— MATERIAL FOR THE TASK —

####################

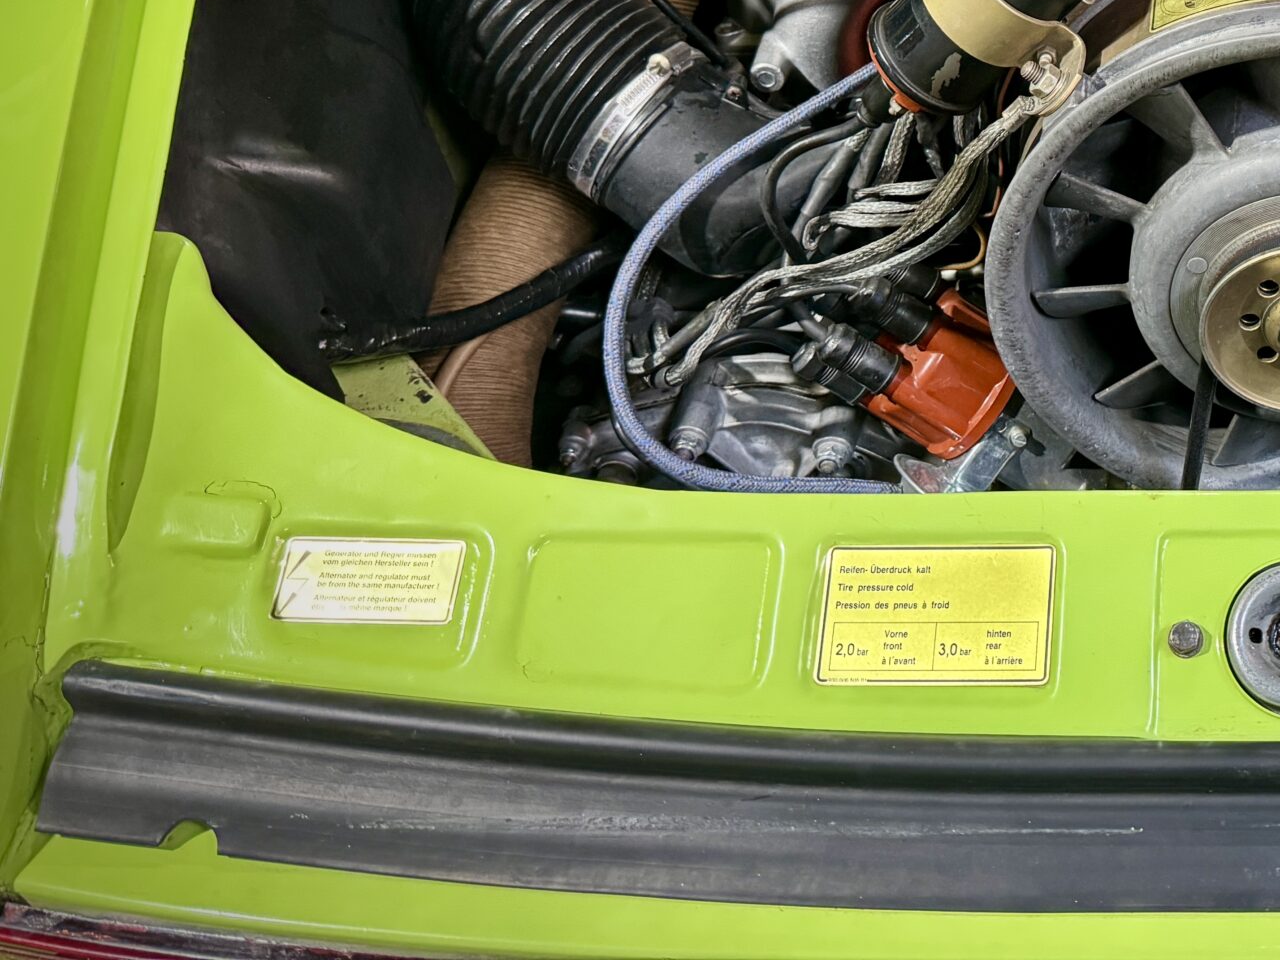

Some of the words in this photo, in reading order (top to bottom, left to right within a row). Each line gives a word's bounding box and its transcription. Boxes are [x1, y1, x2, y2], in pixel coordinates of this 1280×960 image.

[341, 559, 372, 567] gleichen
[870, 564, 911, 573] Überdruck
[375, 573, 408, 581] regulator
[838, 583, 853, 591] Tire
[858, 584, 893, 593] pressure
[896, 583, 913, 591] cold
[836, 601, 870, 609] Pression
[875, 601, 888, 609] des
[893, 602, 917, 610] pneus
[922, 600, 926, 609] à
[932, 601, 949, 609] froid
[885, 630, 908, 638] Vorne
[987, 630, 1011, 638] hinten
[835, 643, 855, 657] 2,0
[857, 648, 868, 656] bar
[883, 642, 902, 650] front
[938, 643, 957, 658] 3,0
[882, 657, 886, 665] à
[985, 656, 989, 665] à

####################

— DIRECTIONS —
Output all the material above exactly once more, leaving every picture out.

— ANSWER TO THIS TASK —
Some of the words in this photo, in reading order (top to bottom, left to right within a row). Each line gives a word's bounding box and its transcription. Boxes are [x1, y1, x2, y2], in pixel coordinates of this 1280×960 image.

[341, 559, 372, 567] gleichen
[870, 564, 911, 573] Überdruck
[375, 573, 408, 581] regulator
[838, 583, 853, 591] Tire
[858, 584, 893, 593] pressure
[896, 583, 913, 591] cold
[836, 601, 870, 609] Pression
[875, 601, 888, 609] des
[893, 602, 917, 610] pneus
[922, 600, 926, 609] à
[932, 601, 949, 609] froid
[885, 630, 908, 638] Vorne
[987, 630, 1011, 638] hinten
[835, 643, 855, 657] 2,0
[857, 648, 868, 656] bar
[883, 642, 902, 650] front
[938, 643, 957, 658] 3,0
[882, 657, 886, 665] à
[985, 656, 989, 665] à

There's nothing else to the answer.